The second phase is “loss of confidence”: He began to doubt whether what Altman told him was true.

The third phase is “certainty of being exploited”: The turning point occurred at the end of 2022. Court records show Musk learned that Microsoft would invest $10 billion into OpenAI, and he messaged Altman: “What the hell is going on? This is deception with a different coat.” From a non-profit experiment focused on safety, it turned into a commercial entity with billions from Microsoft. In Musk’s view, that line had been crossed.

He calculated in court: “I gave them $38 million almost for free, and they built a company now worth $800B.”

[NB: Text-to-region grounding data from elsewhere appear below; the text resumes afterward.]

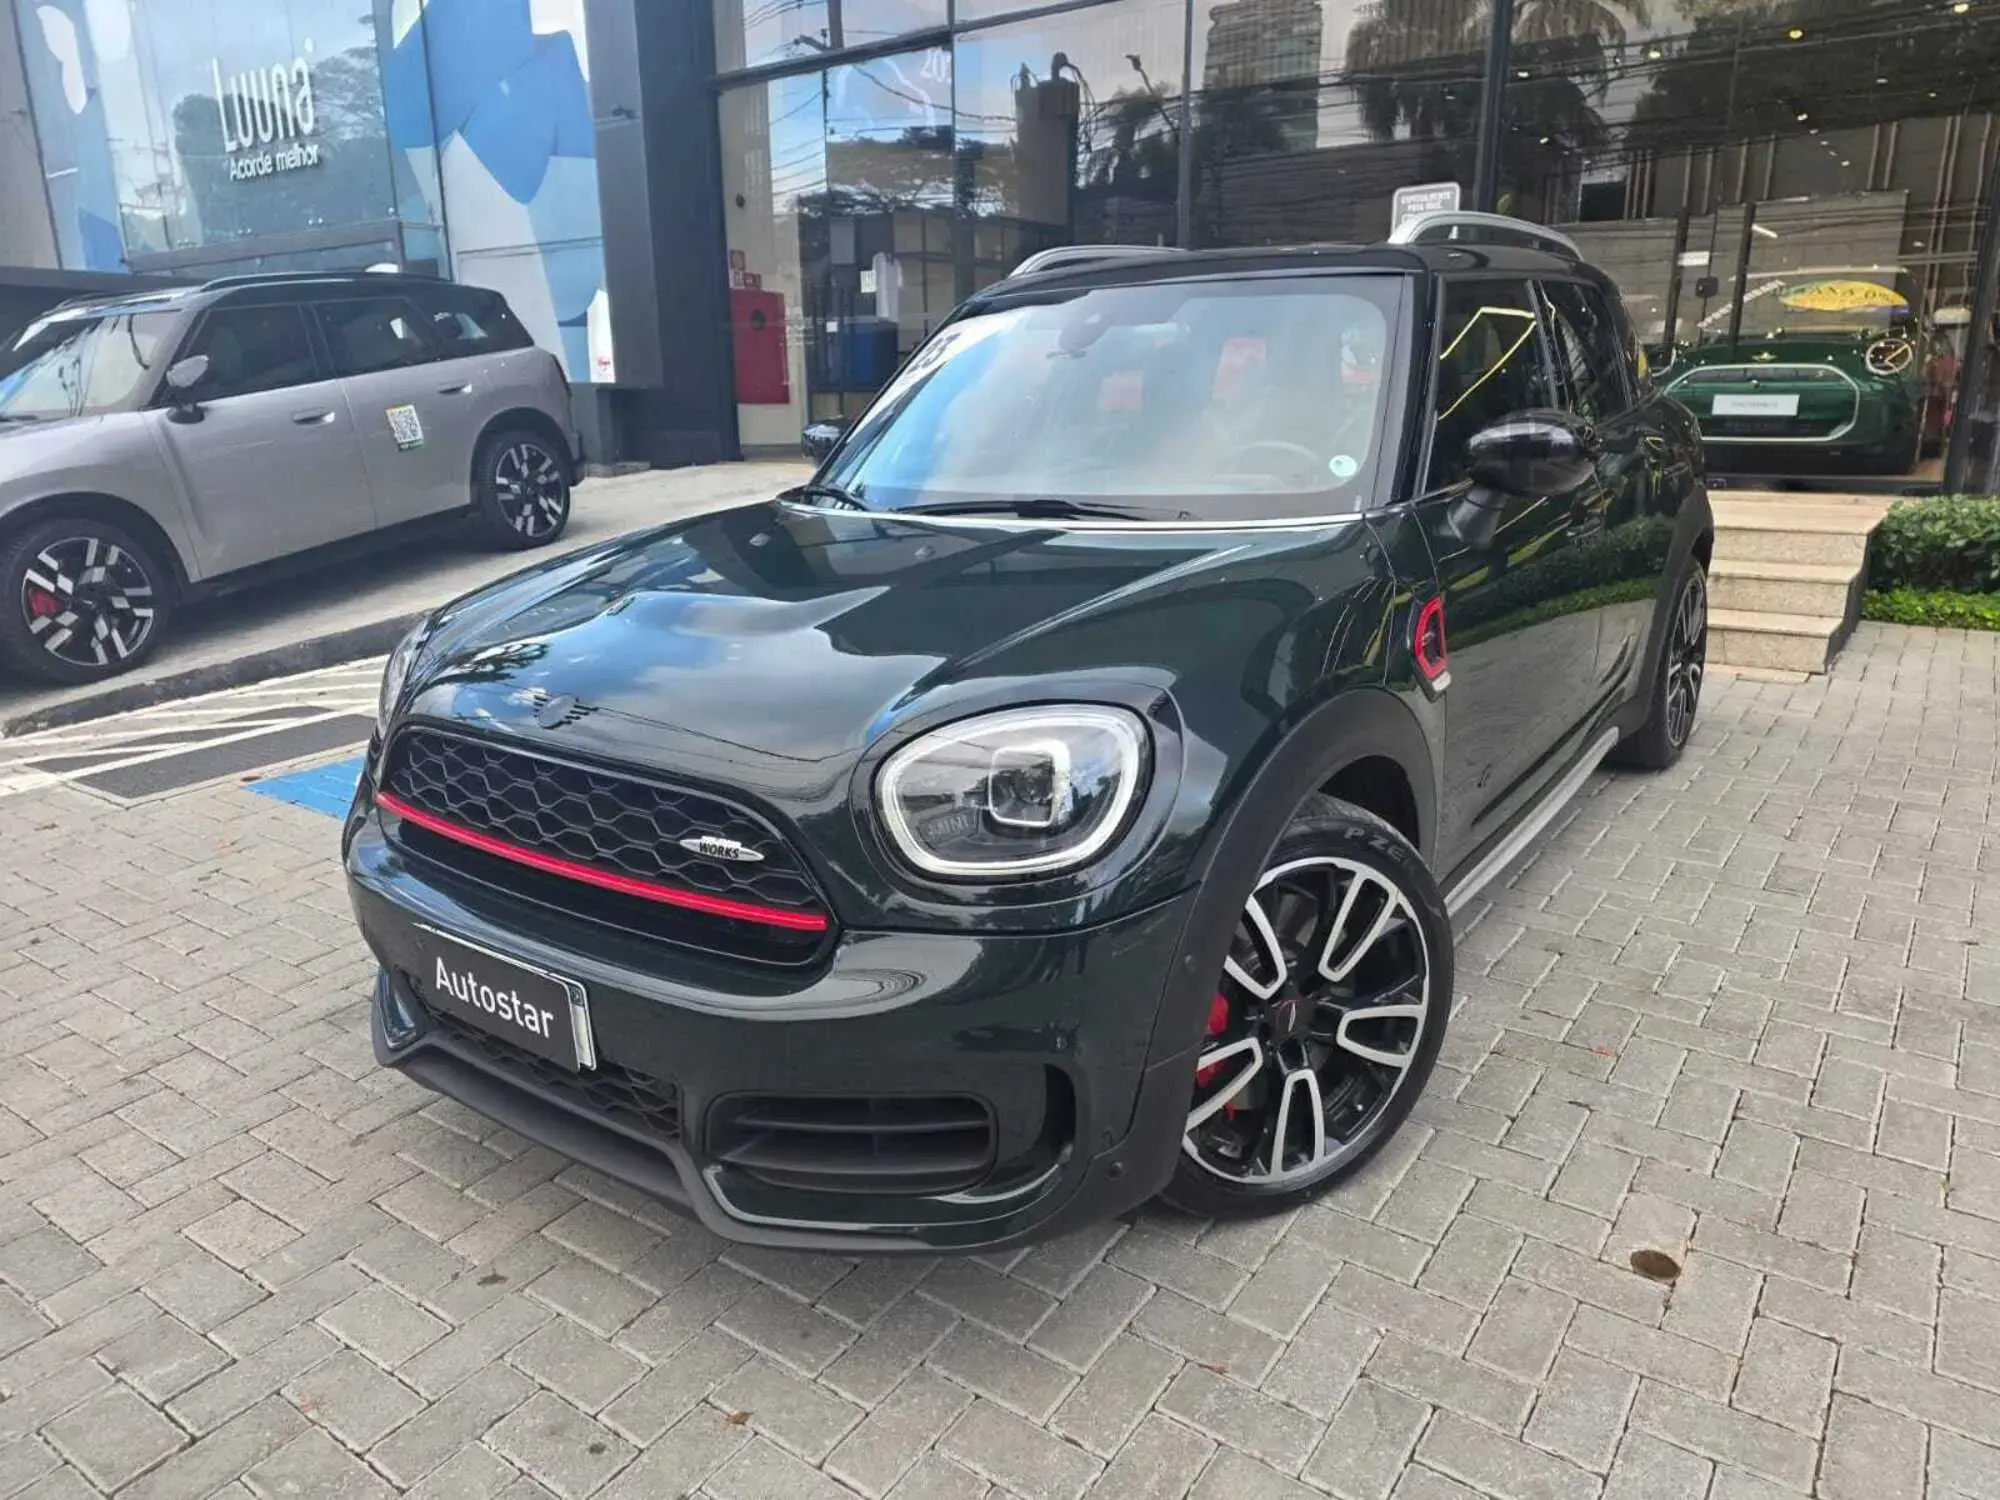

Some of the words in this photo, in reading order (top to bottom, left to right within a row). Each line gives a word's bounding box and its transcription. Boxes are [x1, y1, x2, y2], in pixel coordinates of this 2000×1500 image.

[229, 151, 273, 181] Acorde
[275, 142, 320, 172] melhor
[699, 841, 740, 859] WORKS
[434, 957, 554, 1039] Autostar
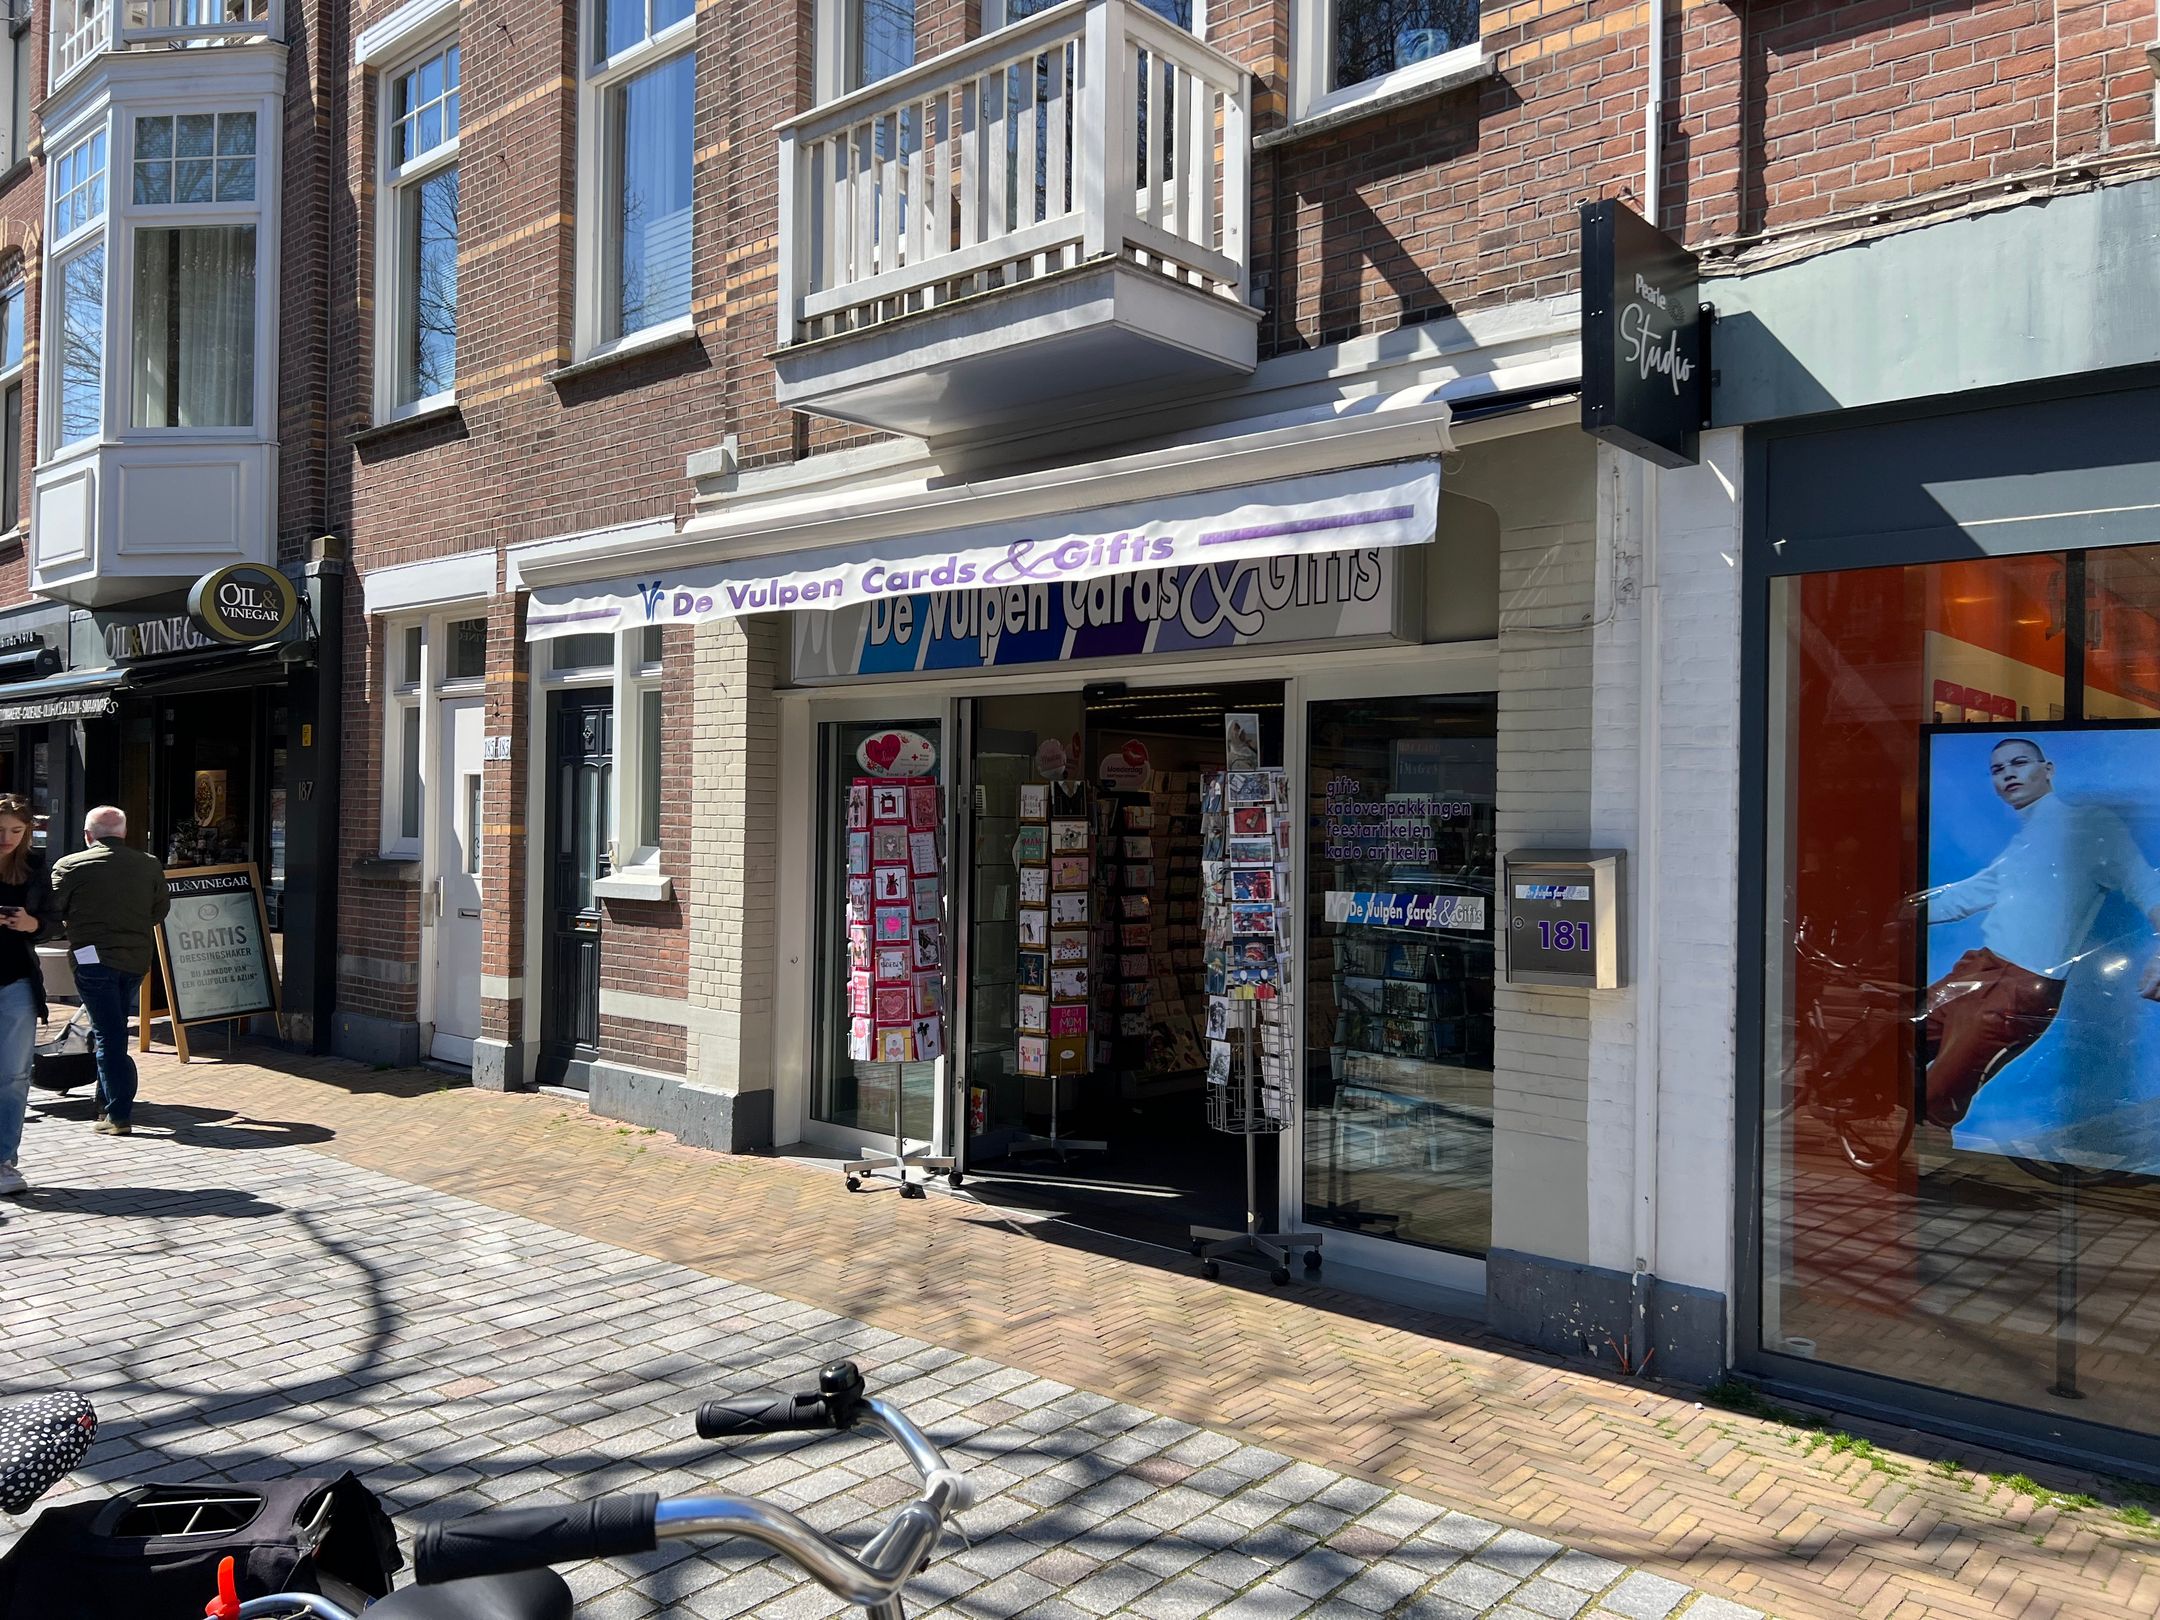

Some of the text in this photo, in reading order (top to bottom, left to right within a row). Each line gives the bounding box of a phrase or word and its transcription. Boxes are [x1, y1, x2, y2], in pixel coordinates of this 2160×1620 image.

[1635, 273, 1667, 310] Pearle
[1619, 303, 1696, 395] Studio
[673, 592, 713, 617] De
[726, 575, 843, 610] Vulpen
[861, 556, 977, 593] Cards
[1053, 532, 1174, 570] Gifts
[220, 606, 280, 622] VINEGAR
[870, 595, 914, 646] De
[929, 582, 1048, 658] Vulpen
[104, 616, 216, 660] OIL&VINEG
[1325, 776, 1360, 797] gifts
[1325, 798, 1472, 820] kadoverpakkingen
[1325, 820, 1431, 838] feestartikelen
[1324, 840, 1438, 861] kado artikelen
[1349, 902, 1363, 917] De
[1367, 901, 1403, 925] Vulpen
[1406, 901, 1437, 920] Cards
[1456, 904, 1482, 923] Gifts
[179, 926, 247, 950] GRATIS
[1538, 919, 1590, 952] 181
[180, 947, 252, 964] DRESSINGSHAKER

Musk’s demand is to remove Altman and Brockman from their positions and revoke OpenAI’s restructuring into a “non-profit + profit subsidiary” model. If he wins, it could directly disrupt OpenAI’s plan for an IPO valued at around $1 trillion.

OpenAI lawyers’ counterattack: email leaks and open-source conflicts

OpenAI’s attorney William Savitt presented two emails from Musk during the trial.

The first, written in 2017, Musk informed Tesla Vice President about poaching OpenAI co-founder Andrej Karpathy, stating: “People at OpenAI want to kill me. But it must be done.”

The second email was sent to Neuralink co-founder, indicating that they could directly poach from OpenAI. Musk’s response was:

“This is a free world, I can’t restrict them from recruiting people from other companies.”

Savitt also pointed out that one of Musk’s core arguments in the lawsuit is that OpenAI has deviated from its non-profit mission and turned into a closed-source commercial company. But xAI itself is also a closed-source profit enterprise. Moreover, xAI sued Colorado’s AI anti-discrimination law in April 2026, which starkly contrasts with Musk’s high-profile claims about AI safety during the trial.

The biggest bombshell: xAI admits to distilling OpenAI

The most damaging moment of the first week was when, under Savitt’s questioning, Musk admitted that xAI “partially” distilled OpenAI’s models.

Distillation, simply put, involves training a smaller AI model to mimic the behavior of a larger model, not by copying code directly, but by learning from the output results of the larger model.

Musk’s explanation was: “Using other AIs to verify your AI is standard industry practice.” This makes some technical sense, but in the context of his accusations that OpenAI profited improperly, the credibility is greatly diminished.